Source: Euan Auld and Paul Morris, 'Comparative education, the "new paradigm" and policy borrowing: constructing knowledge for educational reform', Comparative Education, Volume 50 Issue 2
The government published a collection of papers outlining research priorities in policy areas covering children's services and education. The papers were intended: to identify the priority evidence gaps across the Department for Education's key areas of work; to provide a coherent strategic context for the research community, sector bodies, and practitioners; and to support planning and prioritization of research. The Department invited feedback on the papers.
Source: Department for Education
A new book examined ethical and philosophical issues regarding market-led alternative education (such as Free Schools, Studio Schools, Supplementary Schools and Co-operative Schools), and the mediation of power within alternative models of provision. Drawing on case studies, it considered the practicalities of working within such models, and whether a market-based approach was effective in raising standards for all.
Source: Ornette Clennon, Alternative Education and Community Engagement: Making education a priority, Palgrave Macmillan
The government began consultation on the balance of competences between the United Kingdom and European Union in the areas of education, vocational training, and youth. The consultation would close on 30 June 2014.
Source: Review of the Balance of Competences – Call for Evidence on the Government's Review of the Balance of Competences between the United Kingdom and the European Union: Education, vocational training and youth, Department for Education
A new book examined informal education (explained as 'learning practices that emphasize dialogue and learning through everyday life'). Chapters covered the contributions of youth work, Scouting, Guiding, Care Farms, youth music programmes, and the use of online/information technologies.
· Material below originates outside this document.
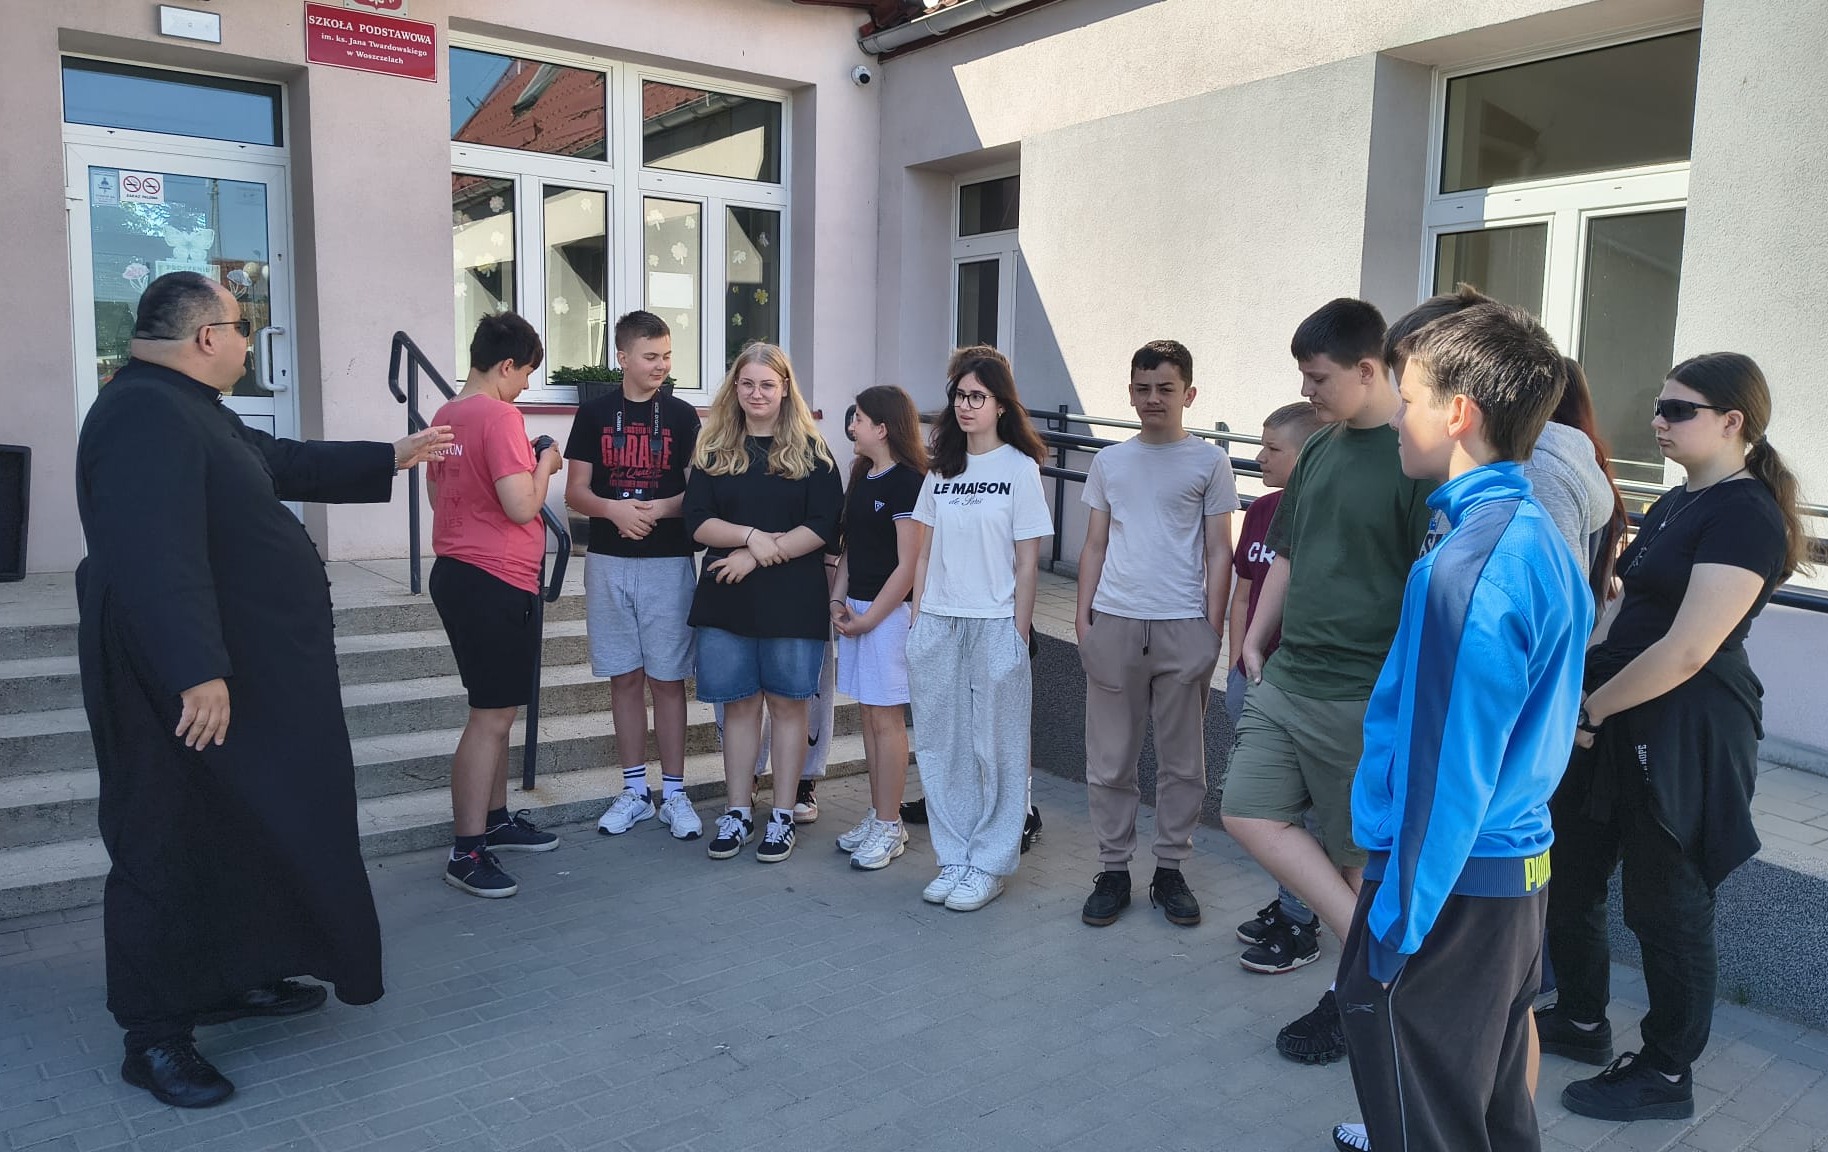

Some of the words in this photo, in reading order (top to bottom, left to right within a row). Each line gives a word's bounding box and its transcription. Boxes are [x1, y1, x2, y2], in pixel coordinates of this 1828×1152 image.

Source: Sarah Mills and Peter Kraftl (eds), Informal Education, Childhood and Youth: Geographies, histories, practices, Palgrave Macmillan
The Welsh Government began consultation on proposals to clarify the responsibilities of local authorities and parents in providing and monitoring transport for pupils to and from education establishments in Wales, including issues around learner behaviour. The Children's Commissioner would provide support for engaging with children and young people in the consultation process, which would close on 13 April 2014.
Source: Proposed Guidance on Learner Travel Statutory Provision and Operational Guidance, Welsh Government
An article examined the extent of public desire for quasi-markets in education, drawing on data from the 2010 British Social Attitudes survey. Although choice 'in the abstract' was supported widely by both parents and non-parents (albeit slightly more so by parents), support appeared to be more instrumental than intrinsic. It was tempered among parents and non-parents by clear opposition to vouchers, school diversity, government spending on transport costs to facilitate choice, and strong support for the idea of sending children to the 'nearest state school'.